Issue 184 – November 20, 2019 — An Occasional Newsletter, Edited by Stan Paregien
Hello to each of you. Thanks for stopping by the ol’ homestead for a little visit. In this issue you will find two of the very best poems of famed cowboy poet Baxter Black.
Now, without naming names, I dedicate this issue to a special couple we know up in Bass-ton. Oh, excuse me, I mean . . . Boston. And it is also dedicated to a known lover of Rocky Mountain Oysters who lives in Slidell, Louisiana. These folks know who they are, while the rest of you will not have a clue. That’s okay. Put your “laughter hat” on, sit back and enjoy the poetry.
MOTIVATION TO TAKE ACTION
I made at least three failed attempts to learn to play the guitar. My first time when I was a sophomore in Fillmore (Ventura County), Calif. I took four or five lessons from an old gentleman but it didn’t seem to stick with me. To make matters worse, my well-intentioned parents had bought me a “Stella” guitar at Sears & Roebuck for well under $50. The problem was that the strings set way high above the frets, making it difficult and even painful to form the chords.
In addition, I had another problem. I couldn’t keep the thing tuned. My teacher would tune the guitar “by ear” when I went to his house to take a lesson. But at home, all I had was a 45 rpm recording of the sound of the five strings of a guitar. Try as I might, I could not listen to the recording of the lower “E” string, for example, and then get my string to sound like that. So I was trying to practice on a guitar that sounded like a concert by comics Oliver Hardy and Stan Laurel. It was only many years later that I discovered I really do have a “tin ear.”
Well, fast forward to my late 20s. I tried to learn to play the guitar on my own. I read about folks who just bought a “How to Play the Guitar” book and a few days later were playing like Glen Campbell, Chet Atkins and Les Paul all rolled together. Not me.

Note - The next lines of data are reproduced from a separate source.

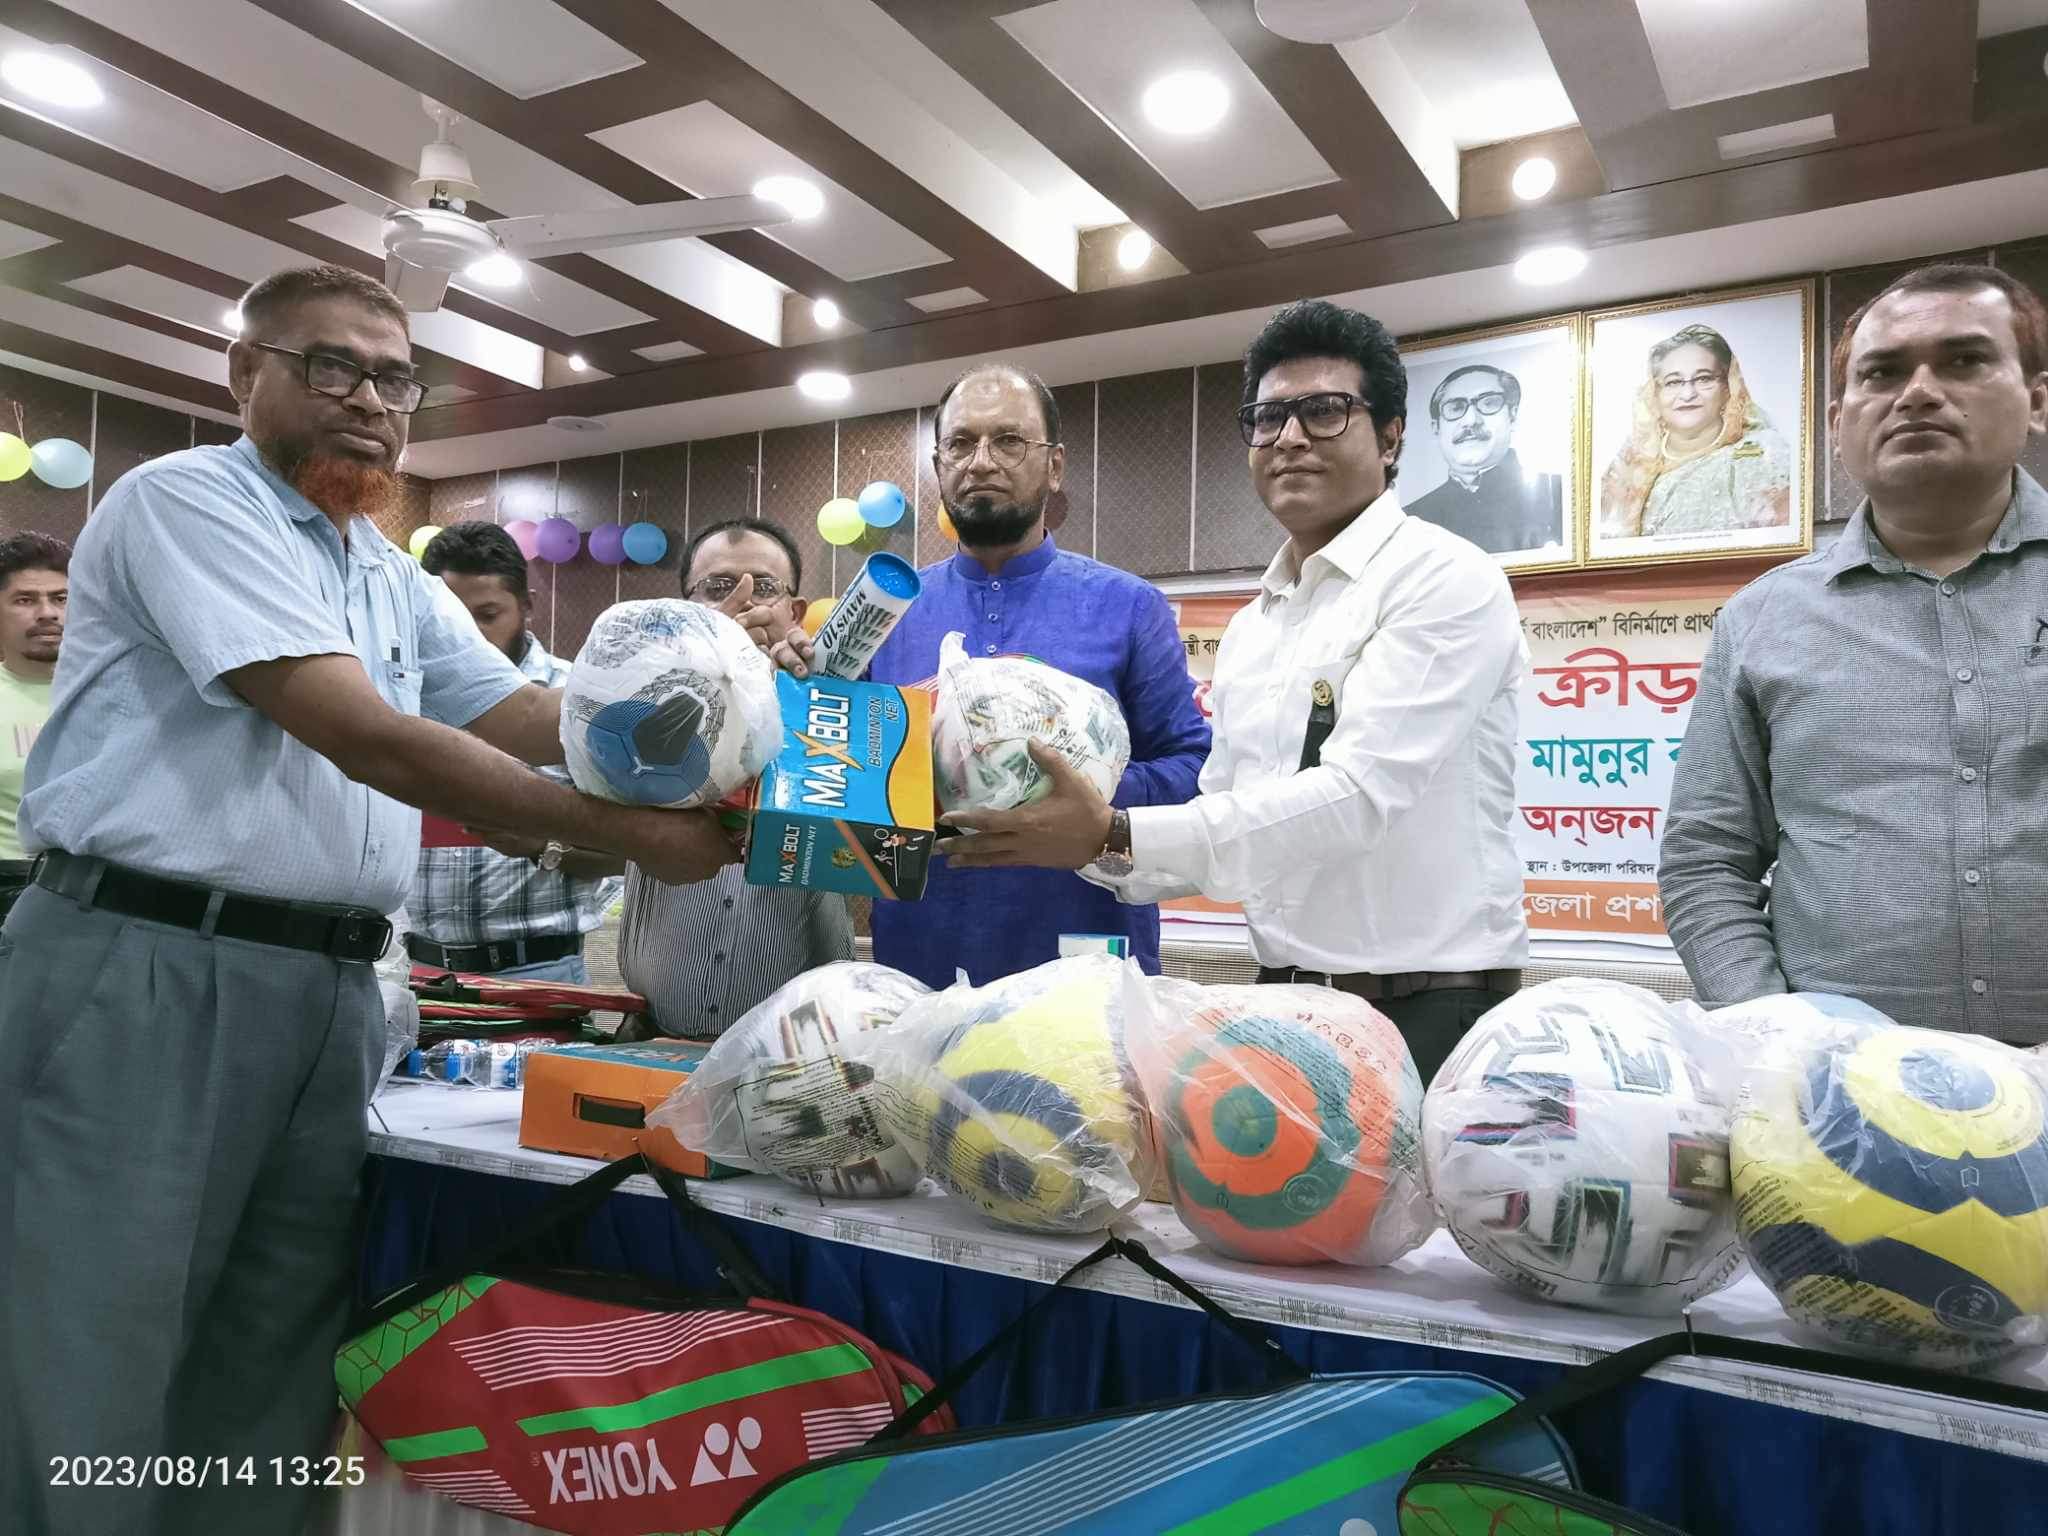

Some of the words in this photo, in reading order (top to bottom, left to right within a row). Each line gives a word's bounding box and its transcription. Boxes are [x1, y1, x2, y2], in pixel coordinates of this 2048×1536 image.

[1613, 609, 1679, 636] বিনির্মাণে
[1533, 648, 1702, 713] ক্রীড়
[867, 697, 881, 767] BADMINTON
[885, 699, 899, 721] NET
[794, 688, 864, 808] MAXBOLT
[1526, 735, 1655, 788] মামুনুর
[777, 823, 800, 884] MAXBOLT
[1561, 859, 1611, 873] উপজেলা
[1616, 860, 1656, 875] পরিষদ
[1523, 891, 1597, 920] জেলা
[1605, 894, 1661, 922] প্রশ
[542, 1438, 677, 1504] YONEX

Then, sometime in my later 30s, I tired it, again. Same methods. Same results. You’ve heard the saying, “Practice makes perfect.” That, friends, is a bald-faced lie. If you’re practicing something the wrong way, it just ain’t gonna suddenly go . . . Shazam!! . . . and be perfect. A more truthful statement is, “Practice makes permanent.” Sometimes good, sometimes not-so-good.
I’ve said all of that to lead up to my next attempt to play the guitar when I was about 68 or so. And here, below, is something I read that motivated me to give it another try. Please take the take to read all of the article. And share it with anyone you know who may be struggling to play an instrument, or to learn how to do carpentry, or is having trouble with some new technology.

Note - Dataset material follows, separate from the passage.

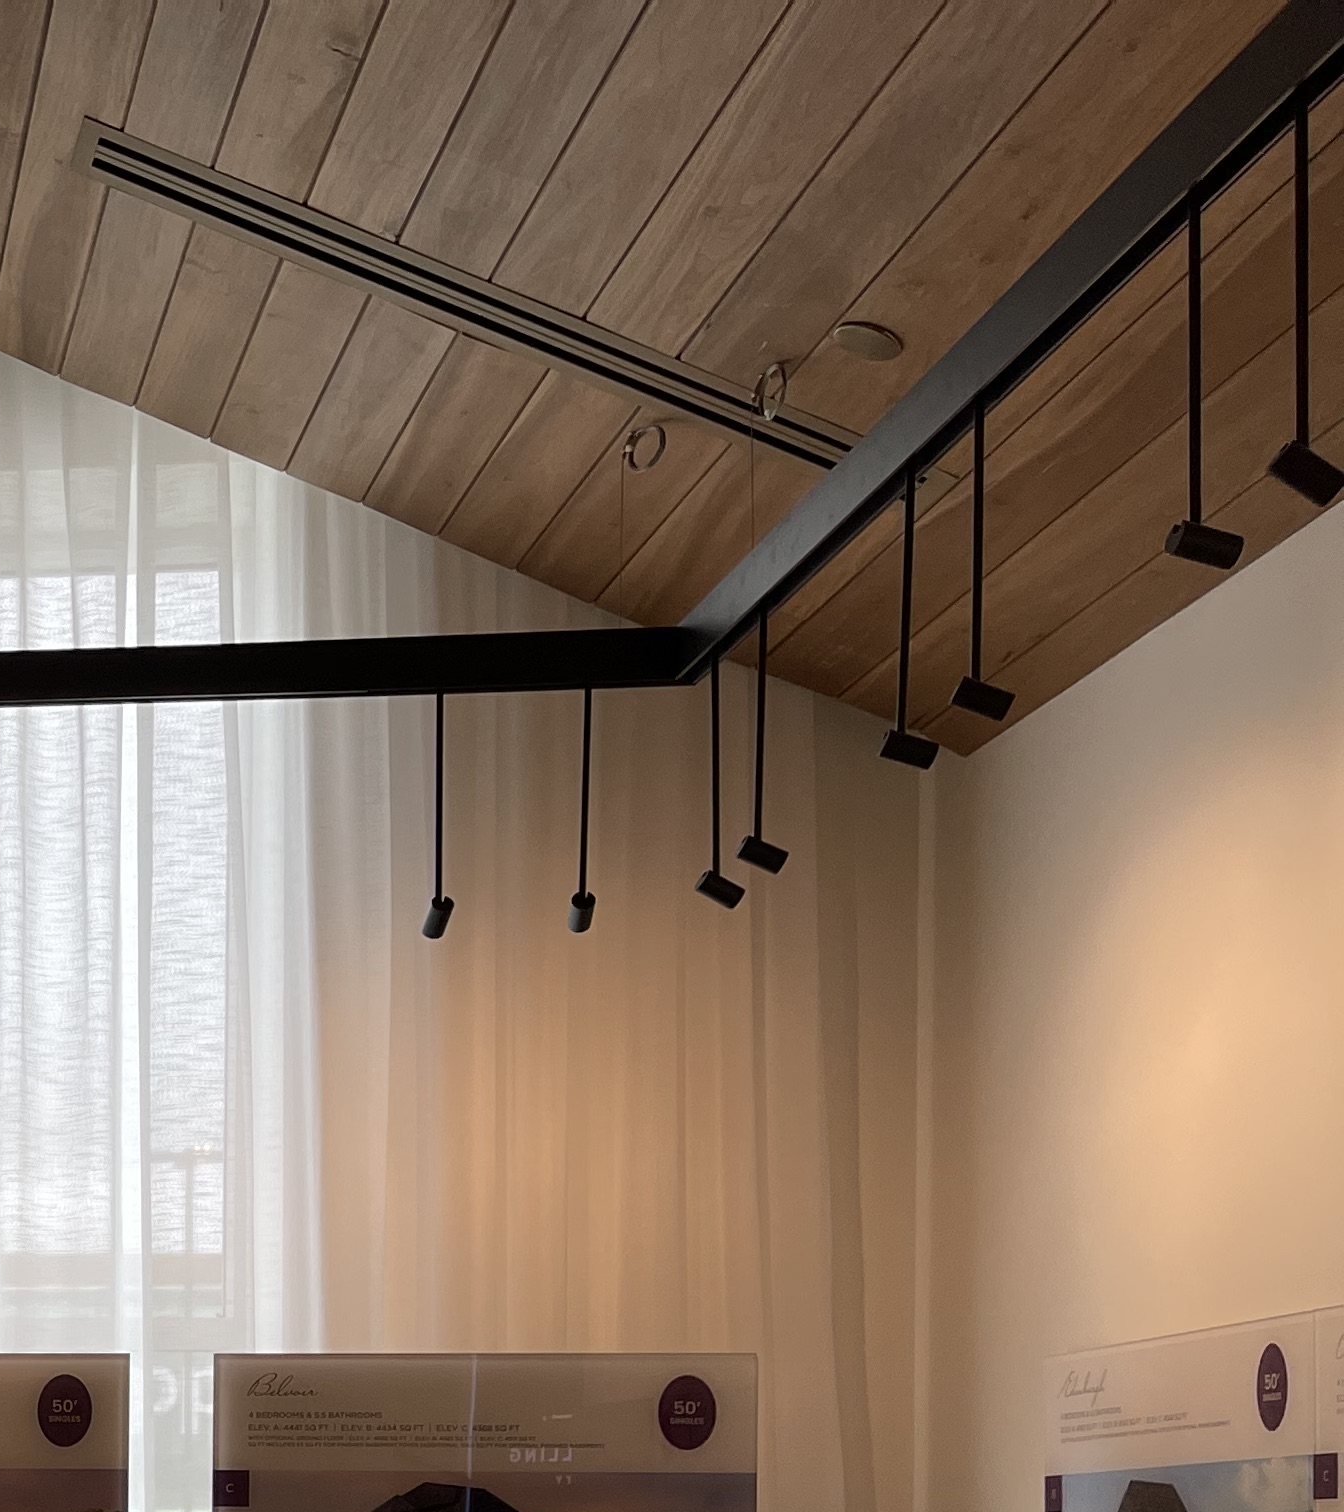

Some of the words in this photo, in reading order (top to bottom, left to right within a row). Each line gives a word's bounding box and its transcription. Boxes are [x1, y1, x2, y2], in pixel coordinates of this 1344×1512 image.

[48, 1415, 81, 1423] SINGLES
[256, 1411, 305, 1419] BEDROOMS
[328, 1411, 382, 1419] BATHROOMS

When I saw that photo of that armless young man playing the guitar with his feet, I said this to myself: “Self, if that guy can play the guitar with his feet, surely I can learn to play at least a few simple songs.”
It is really not a good sign when you start talking to yourself, and especially if you carry on an extended conversation with yourself. This time it was okay.
I bought a better guitar than I had ever had before. And the thing that helped me so much is when I bought one of those little gadgets called “an electronic tuner.” Wow. What a deal! No guesswork. Hook it to your guitar and it guides you effortlessly through the process of tuning your guitar accurately. It was a miracle.
Still, I wasn’t making much progress on my own. Really, I just wanted to learn how to play five or six old-time cowboy songs that I could add to the programs I did in which I recited my own cowboy poetry and stories. But I finally realized, I needed just a little more help.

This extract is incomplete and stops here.